New Regulations have come into force on 11th May 2013 to reduce the risks posed by sharps and injuries in the HealthCare Sector. The Health and Safety (Sharp Instruments in Healthcare) Regulations 2013 can be found on the governments legislation website.
The regulations introduced by the Health and Safety Executive in order to implement an European Directive will supplement existing regulations and legislation. Such legislation already provides a base line for employers to comply with throughout the industry in relation to Sharps and to control the risks of injury. The new regulations put in place further safeguards to prevent the risk of infection of healthcare workers and
Employers and contractors working in the healthcare sector will be required to:
• Have effective arrangements for the safe use and disposal (including using ‘safer sharps’ where reasonably practicable, restricting the practice of recapping of needles and placing sharps bins close to the point of use)
• Provide the necessary information and training to workers
• Investigate and take action in response to work related sharps injuries
Sharps injuries can occur throughout the healthcare sector and standard procedures are in place to deal with the same which are as follows:
• Encourage the wound to gently bleed, ideally holding it under running water
• Wash the wound using running water and plenty of soap
• Don’t scrub the wound whilst you are washing it
• Don’t suck the wound
• Dry the wound and cover it with a waterproof plaster or dressing
• Seek urgent medical advice (for example from your Occupational Health Service) as effective prophylaxis (medicines to help fight infection) are available
• Report the injury to your employer.
The new European Directive contains many requirements which are already within the existing legislation in the UK. They do however build on the legislation in the following ways:
An employer must ensure that the use of medical sharps at work is avoided so far as is reasonably practicable; when medical sharps are used at work, safer sharps are used so far as is reasonably practicable.
The new regulations also state that needles that are medical sharps are not capped after use at work unless that act is required to control a risk identified by an assessment undertaken pursuant to regulation 3 of the Management of Health and Safety at Work Regulations 1999(1) and the risk of injury to employees is effectively controlled by the use of a suitable appliance, tool or other equipment in relation to the safe disposal of medical sharps that are not designed for re-use employers must provide written instructions for employees, and ensure that there are clearly marked and secure containers that are located close to areas where medical sharps are used at work.

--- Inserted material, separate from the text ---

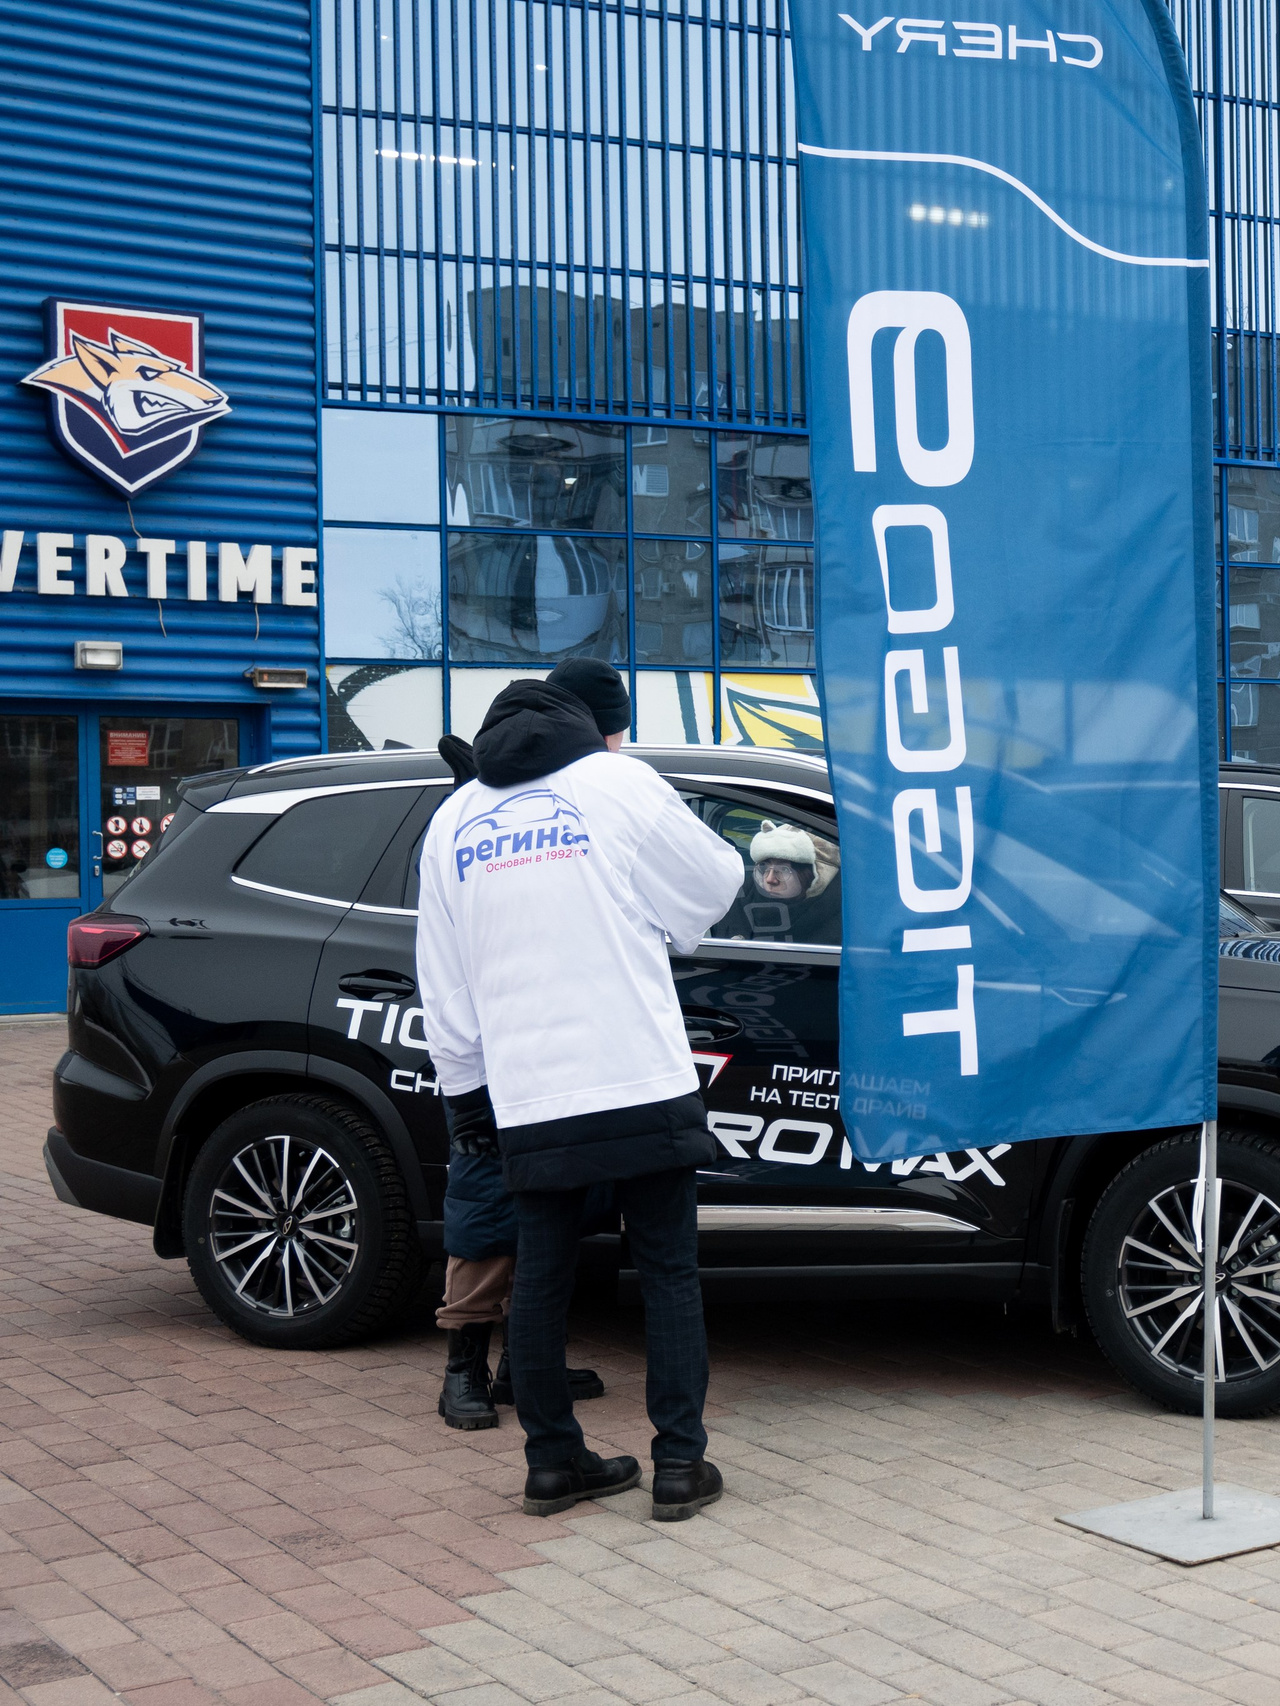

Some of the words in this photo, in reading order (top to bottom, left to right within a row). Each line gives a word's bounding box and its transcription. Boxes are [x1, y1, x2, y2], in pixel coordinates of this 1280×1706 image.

In addition to the above the regulations insist that an employer must review at suitable intervals the policies and procedures in place to meet the requirements of the above so as to ensure that those policies and procedures remain up to date and effective.
Provisions must be put in place to ensure that appropriate training and information is provided to employees as well as set arrangements in how injuries are dealt with and notification procedures.